Thought I answered it, albeit not directly.... 
a) A TFSA has no impact on a deceased's Final T1 return nor is there any mention of it on a Final T1. It is as if it never existed, and 
b) no special form from a CRA perspective, but the executor should keep a copy of the market value of the assets as of the date of death, as proof of ACB of assets to beneficiaries. I got the discount broker to put together a statement of those values for the estate files to cover my butt as executor.


----------



## humble_pie (Jun 7, 2009)

AltaRed said:


> Thought I answered it, albeit not directly....
> 
> a) A TFSA has no impact on a deceased's Final T1 return nor is there any mention of it on a Final T1. It is as if it never existed, and
> 
> b) no special form from a CRA perspective, but the executor should keep a copy of the market value of the assets as of the date of death, as proof of ACB of assets to beneficiaries. I got the discount broker to put together a statement of those values for the estate files to cover my butt as executor.



oh thankx, b) is what i'd hoped to hear about.
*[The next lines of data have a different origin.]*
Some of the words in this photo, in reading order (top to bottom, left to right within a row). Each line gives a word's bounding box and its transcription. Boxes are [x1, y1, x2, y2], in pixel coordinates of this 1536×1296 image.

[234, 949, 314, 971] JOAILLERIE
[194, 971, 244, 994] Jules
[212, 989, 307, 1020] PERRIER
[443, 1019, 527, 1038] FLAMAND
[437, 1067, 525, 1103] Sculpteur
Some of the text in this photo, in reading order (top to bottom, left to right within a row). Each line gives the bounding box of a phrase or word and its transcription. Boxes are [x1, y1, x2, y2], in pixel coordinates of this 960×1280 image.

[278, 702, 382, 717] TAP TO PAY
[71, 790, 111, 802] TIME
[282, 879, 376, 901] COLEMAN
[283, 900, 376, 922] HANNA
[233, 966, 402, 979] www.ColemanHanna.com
isn't it astonishing that the bureaucrats haven't yet thought up a form for filing, though

.


----------



## Eclectic12 (Oct 20, 2010)

humble_pie said:


> There is a technical question re TFSAs & final tax return of a deceased person.
> 
> up to now, i had been thinking that a TFSA, if not bequeathed to a spouse, is considered to be fully withdrawn/collapsed as of the date of death. Therefore i had been thinking that securities & savings held in a TFSA - including all their gains, dividends, distributions & interest - would be exempt from taxable income, in that final income tax calculation for a deceased person\
> 
> but some posts in this thread seem to be suggesting that a TFSA gets fully taxed as income, just like an RRSP or RRIF, if a taxpayer is so unfortunate as to be holding a TFSA on the day he passes away ...


The articles I have seen is that for non-qualified beneficiaries who do not take over ownership and need TFSA contribution room to move the $$ into their own RRSP - unlike the RRSP, the collapse at DOD sets the withdrawal limit that after which, taxes are assessed.
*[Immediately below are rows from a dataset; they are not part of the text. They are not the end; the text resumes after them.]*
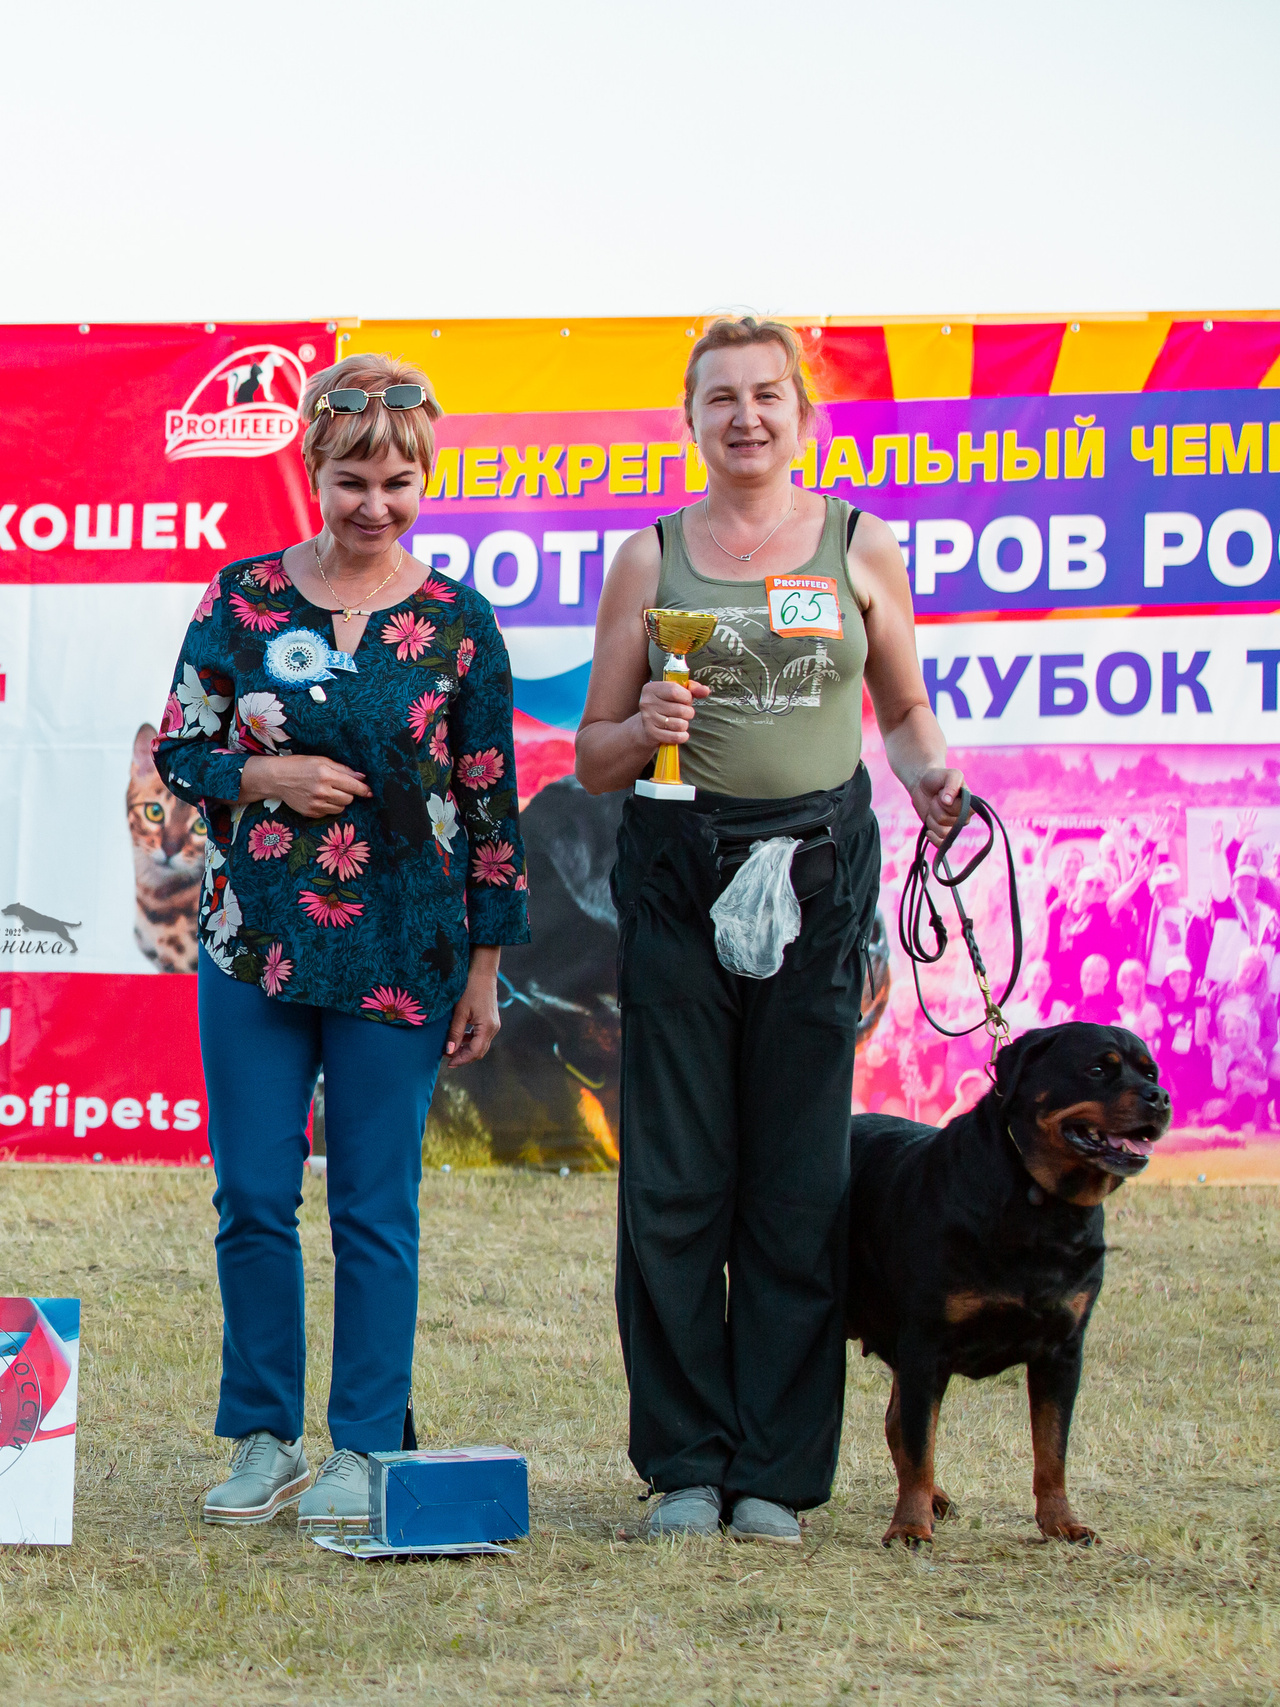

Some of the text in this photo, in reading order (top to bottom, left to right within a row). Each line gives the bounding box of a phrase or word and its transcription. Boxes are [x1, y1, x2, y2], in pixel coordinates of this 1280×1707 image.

[168, 412, 296, 437] PROFIFEED
[1143, 508, 1280, 588] РО
[773, 578, 829, 589] PROFIFEED
[781, 592, 833, 625] 65
[923, 651, 1212, 719] КУБОК
[1, 1345, 38, 1451] РОССИИ
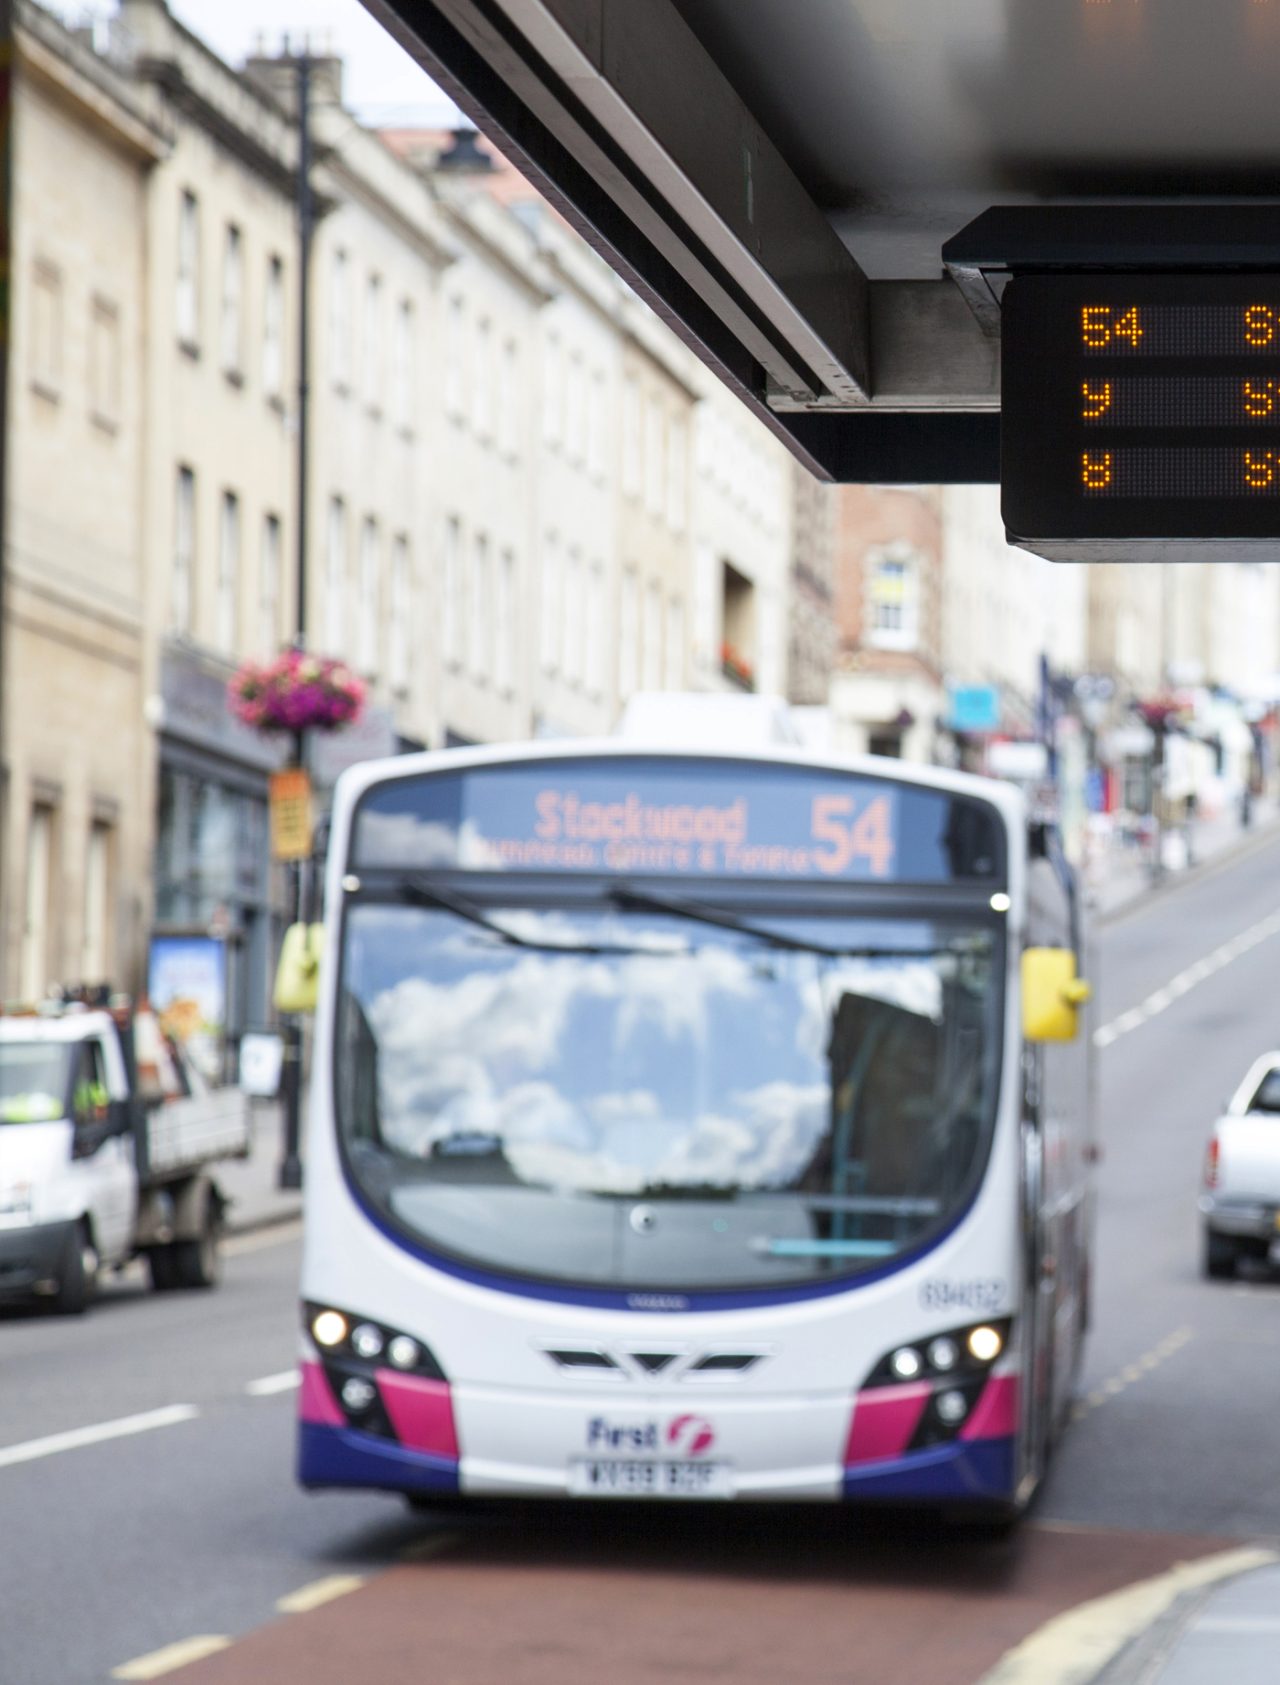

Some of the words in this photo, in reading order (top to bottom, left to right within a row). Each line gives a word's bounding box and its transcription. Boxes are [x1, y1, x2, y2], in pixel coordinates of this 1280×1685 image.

[1082, 306, 1143, 347] 54
[535, 790, 747, 842] Stockwood
[811, 794, 892, 875] 54
[587, 1416, 658, 1449] First
This link https://www.canada.ca/en/revenue-ag...h-a-tfsa-holder/designated-beneficiaries.html has an example where $11K is the FMV at DOD, $200 of income was earned after DOD so that when wound up, $11.2K was paid out but only $200 is taxable.

Should the beneficiary be a successor holder or a qualified person in a justification that considers being named beneficiary enough (i.e. requirement is to be qualified + named as beneficiary) then no taxes are assessed regardless of income made past the DOD. The full $$ can be rolled into one's own TFSA without using TFSA contribution room. 

The non-qualified beneficiary or spouse that was not named successor holder in a justification that requires this designation can only put into their own TFSA what they have contribution room for.




humble_pie said:


> ... how could this be? this does not make sense to me. It would mean that aging taxpayers should totally withdraw & collapse their TFSAs during the year or years prior to their deaths, in order to truly benefit from the "tax-free" aspect.


AFAICT - those who say this have it half right. The TFSA has to be collapsed if one is not a successor holder or equivalent. 

Which does not change that whatever the FMV was at DOD is still Canadian tax free - only the growth is taxed in the beneficiaries hands.


Cheers


----------



## Eclectic12 (Oct 20, 2010)

humble_pie said:


> alas guys we're not quite on the same page
> 
> i was inquiring about whether the entire content of a tax-free account - its gains, dividends, distributions, interests & other assets - is deemed to be tax-free in the final tax return that has to be prepared for every deceased person, as of the day of his death ... what i would love to hear is a) confirmation that the TFSA in its entirety will be exempt from taxation in that final income tax return of a deceased party;


Confirmed ...


> A designated beneficiary will not have to pay tax on payments made out of the TFSA, as long as the total payments don't exceed the fair market value (FMV) of all the property held in the TFSA at the time of the holder's death.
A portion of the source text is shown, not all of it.